PROMPT: In your reply, write out the records exactly, each line intact.

[MATERIAL SHOWN]

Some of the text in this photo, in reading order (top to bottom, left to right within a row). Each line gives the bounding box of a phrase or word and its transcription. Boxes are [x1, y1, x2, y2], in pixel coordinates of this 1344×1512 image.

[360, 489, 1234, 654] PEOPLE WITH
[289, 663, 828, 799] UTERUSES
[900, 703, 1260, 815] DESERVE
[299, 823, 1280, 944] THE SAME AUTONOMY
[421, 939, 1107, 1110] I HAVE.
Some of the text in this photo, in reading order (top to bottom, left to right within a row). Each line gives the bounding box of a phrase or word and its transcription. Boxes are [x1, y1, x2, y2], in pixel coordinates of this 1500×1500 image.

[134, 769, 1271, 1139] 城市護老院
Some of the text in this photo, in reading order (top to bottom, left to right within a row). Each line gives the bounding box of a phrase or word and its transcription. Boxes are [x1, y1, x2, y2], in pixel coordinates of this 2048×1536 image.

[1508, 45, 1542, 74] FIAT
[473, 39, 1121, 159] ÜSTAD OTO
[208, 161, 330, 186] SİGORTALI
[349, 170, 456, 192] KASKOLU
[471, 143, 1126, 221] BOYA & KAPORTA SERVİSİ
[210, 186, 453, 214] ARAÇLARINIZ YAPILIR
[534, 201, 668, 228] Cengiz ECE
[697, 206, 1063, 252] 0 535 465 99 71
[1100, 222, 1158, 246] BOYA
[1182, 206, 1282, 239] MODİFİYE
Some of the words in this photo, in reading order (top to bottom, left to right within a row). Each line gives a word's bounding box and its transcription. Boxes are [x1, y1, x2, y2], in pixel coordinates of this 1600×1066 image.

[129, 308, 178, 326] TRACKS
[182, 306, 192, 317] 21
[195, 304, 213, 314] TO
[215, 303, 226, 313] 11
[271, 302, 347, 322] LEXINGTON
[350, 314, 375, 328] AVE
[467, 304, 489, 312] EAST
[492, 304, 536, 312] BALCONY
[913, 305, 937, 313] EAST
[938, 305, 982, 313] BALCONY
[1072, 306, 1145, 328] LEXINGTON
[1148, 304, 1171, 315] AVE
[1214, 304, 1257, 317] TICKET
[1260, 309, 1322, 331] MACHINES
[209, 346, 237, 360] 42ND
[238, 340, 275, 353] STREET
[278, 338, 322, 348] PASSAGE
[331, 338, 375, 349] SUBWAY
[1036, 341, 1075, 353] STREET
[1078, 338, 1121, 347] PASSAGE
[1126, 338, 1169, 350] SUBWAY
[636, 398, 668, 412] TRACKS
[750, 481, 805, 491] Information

[/MATERIAL SHOWN]

RESULT OF THE TASK:
Some of the text in this photo, in reading order (top to bottom, left to right within a row). Each line gives the bounding box of a phrase or word and its transcription. Boxes are [x1, y1, x2, y2], in pixel coordinates of this 1344×1512 image.

[360, 489, 1234, 654] PEOPLE WITH
[289, 663, 828, 799] UTERUSES
[900, 703, 1260, 815] DESERVE
[299, 823, 1280, 944] THE SAME AUTONOMY
[421, 939, 1107, 1110] I HAVE.
Some of the text in this photo, in reading order (top to bottom, left to right within a row). Each line gives the bounding box of a phrase or word and its transcription. Boxes are [x1, y1, x2, y2], in pixel coordinates of this 1500×1500 image.

[134, 769, 1271, 1139] 城市護老院
Some of the text in this photo, in reading order (top to bottom, left to right within a row). Each line gives the bounding box of a phrase or word and its transcription. Boxes are [x1, y1, x2, y2], in pixel coordinates of this 2048×1536 image.

[1508, 45, 1542, 74] FIAT
[473, 39, 1121, 159] ÜSTAD OTO
[208, 161, 330, 186] SİGORTALI
[349, 170, 456, 192] KASKOLU
[471, 143, 1126, 221] BOYA & KAPORTA SERVİSİ
[210, 186, 453, 214] ARAÇLARINIZ YAPILIR
[534, 201, 668, 228] Cengiz ECE
[697, 206, 1063, 252] 0 535 465 99 71
[1100, 222, 1158, 246] BOYA
[1182, 206, 1282, 239] MODİFİYE
Some of the words in this photo, in reading order (top to bottom, left to right within a row). Each line gives a word's bounding box and its transcription. Boxes are [x1, y1, x2, y2], in pixel coordinates of this 1600×1066 image.

[129, 308, 178, 326] TRACKS
[182, 306, 192, 317] 21
[195, 304, 213, 314] TO
[215, 303, 226, 313] 11
[271, 302, 347, 322] LEXINGTON
[350, 314, 375, 328] AVE
[467, 304, 489, 312] EAST
[492, 304, 536, 312] BALCONY
[913, 305, 937, 313] EAST
[938, 305, 982, 313] BALCONY
[1072, 306, 1145, 328] LEXINGTON
[1148, 304, 1171, 315] AVE
[1214, 304, 1257, 317] TICKET
[1260, 309, 1322, 331] MACHINES
[209, 346, 237, 360] 42ND
[238, 340, 275, 353] STREET
[278, 338, 322, 348] PASSAGE
[331, 338, 375, 349] SUBWAY
[1036, 341, 1075, 353] STREET
[1078, 338, 1121, 347] PASSAGE
[1126, 338, 1169, 350] SUBWAY
[636, 398, 668, 412] TRACKS
[750, 481, 805, 491] Information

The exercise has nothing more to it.